Future-proofing the Orphan Regulation: A Chance for EU Policymakers to Make a Difference for Patients with Rare Diseases

The summer is over and European health policymakers are back to face a packed EU policy and legislative agenda. First up: the long-awaited review of the Orphan Medicinal Products (‘Orphan’) Regulation that aims to foster the development and availability of medicines for patients with rare diseases. The anticipated reopening of the Orphan Regulation is part of a longer term effort by EU Member States to reform the Intellectual Property incentives framework for the pharmaceutical sector.

The stakes are high for all stakeholders involved, as key components of the existing legislative framework incentivizing research and development of orphan medicines are under scrutiny and up for discussion. The post-COVID-19 political environment increased public and political awareness of health and, as countries try to recover from economic hardship and expensive recovery plans, issues of cost and pricing are driving the debate.

The current Orphan Regulation was adopted over twenty years ago; obviously, much has changed since then. Rapid developments in digital technologies have empowered European rare disease communities to become better connected and more integrated. The question being asked in the review is: How many more and better medicines has the Orphan Regulation helped deliver to these communities to help them treat their rare diseases?

Agreeing on the success of the Orphan Regulation has turned out to be difficult and controversial, for a number of reasons that are set out in the EU Orphan Regulation evaluation study that was released by the European Commission last month. It all comes down to two currently unanswered questions about ‘what success looks like’. Firstly: how are we measuring success? And secondly: what is the price we are willing to pay for this success? Both questions cannot be addressed by the Orphan Regulation alone.

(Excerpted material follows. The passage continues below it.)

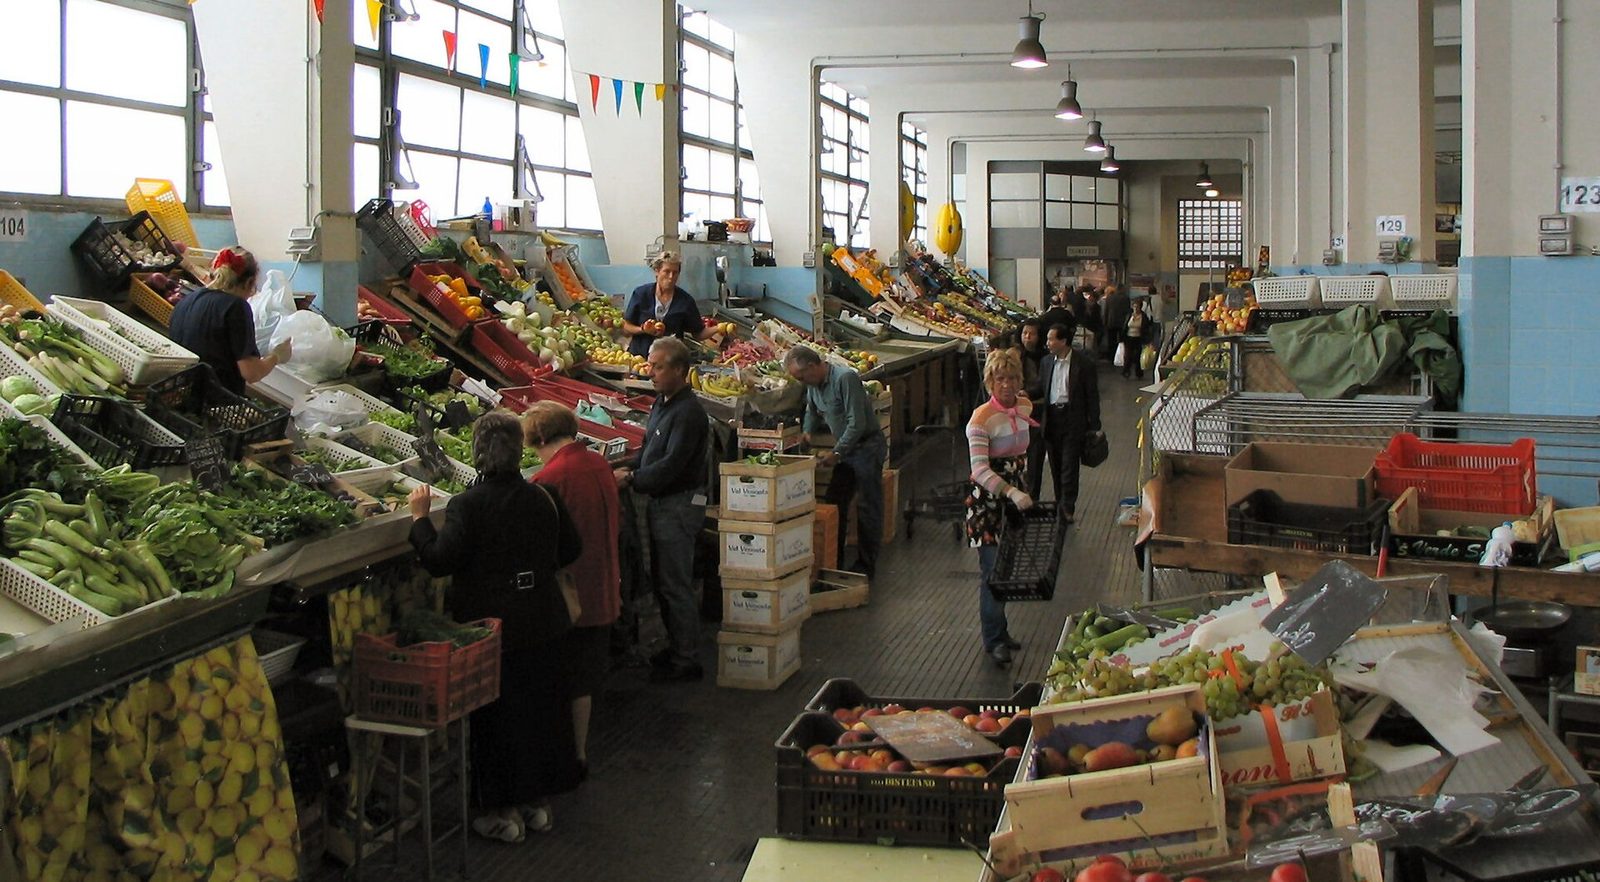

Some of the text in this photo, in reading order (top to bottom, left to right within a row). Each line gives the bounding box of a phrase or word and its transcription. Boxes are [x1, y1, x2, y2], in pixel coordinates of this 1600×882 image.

[1561, 185, 1600, 204] 123
[0, 217, 24, 236] 104
[1380, 220, 1402, 231] 129
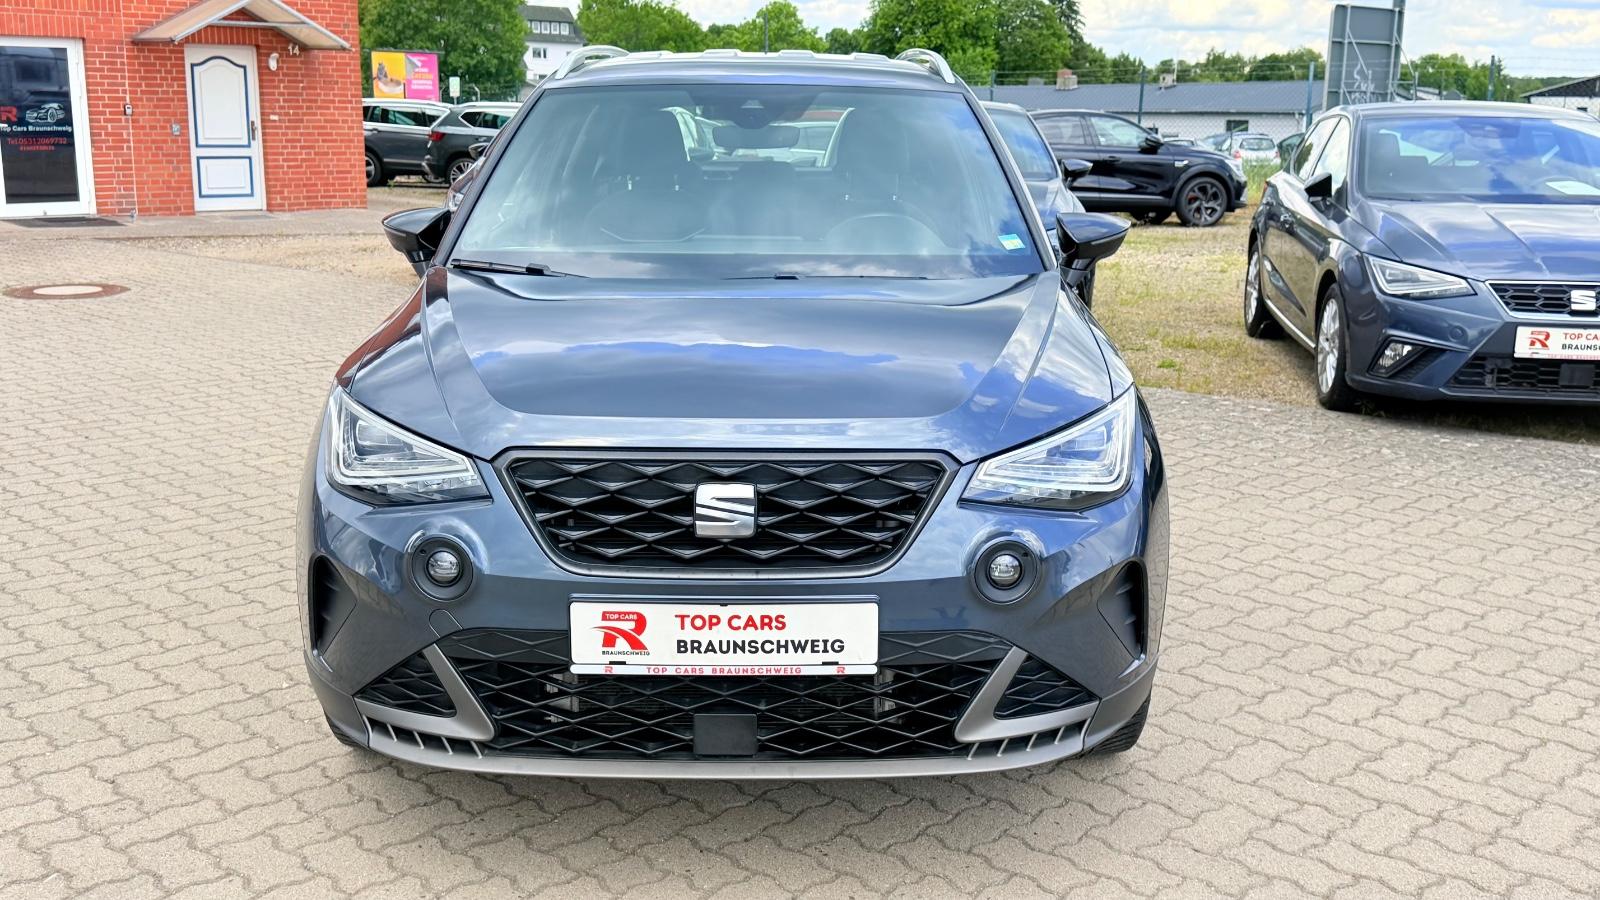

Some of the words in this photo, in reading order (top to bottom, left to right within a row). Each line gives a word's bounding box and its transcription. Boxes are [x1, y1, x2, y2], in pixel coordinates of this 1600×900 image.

Regarding the first question, the evaluation study flagged a lack of accessible and comparable data to measure the impact of incentives. Our current understanding relies heavily on the information processed by the European Medicines Agency (EMA) which, falling at the front end of the market access process, is more about ‘intent’ (e.g. what disease does it aim to treat) and not so much about ‘impact’ (e.g. net effect of additional costs and cost-savings).  Here we get into the interplay of market authorisation and reimbursement processes, which goes beyond the remit of the Orphan Regulation. However, questions about measuring success could perhaps be addressed by building in obligations for specific effectiveness and efficiency data tracking and sharing. Linking this to the objectives for the desired European Health Data Space, intended to foster the exchange of different kinds of health data in Europe, could enable the development of European-wide Key Performance Indicators for the effectiveness of orphan incentives

That brings us to the second question: who should pay what price for incentivizing innovation? This, of course, is a well-known ‘hot-potato’, but considering medical science is becoming more and more specialized, the evaluation study seems to point towards a need for greater flexibility to allow for more tailored incentive models. However, more flexibility on the incentives side would need to be matched by more flexible pricing models to better align the upstream R&D process with the downstream patient access process. The right framework for incentives to drive research to areas of unmet medical need cannot be obtained by EU legislation alone, as it needs to take into account the interrelation between EU legislation and national competences related to value and affordability. If this is not fully understood by all stakeholders, the debate on the Orphan Regulation will be distorted as EU competences in health are mixed-up and confused.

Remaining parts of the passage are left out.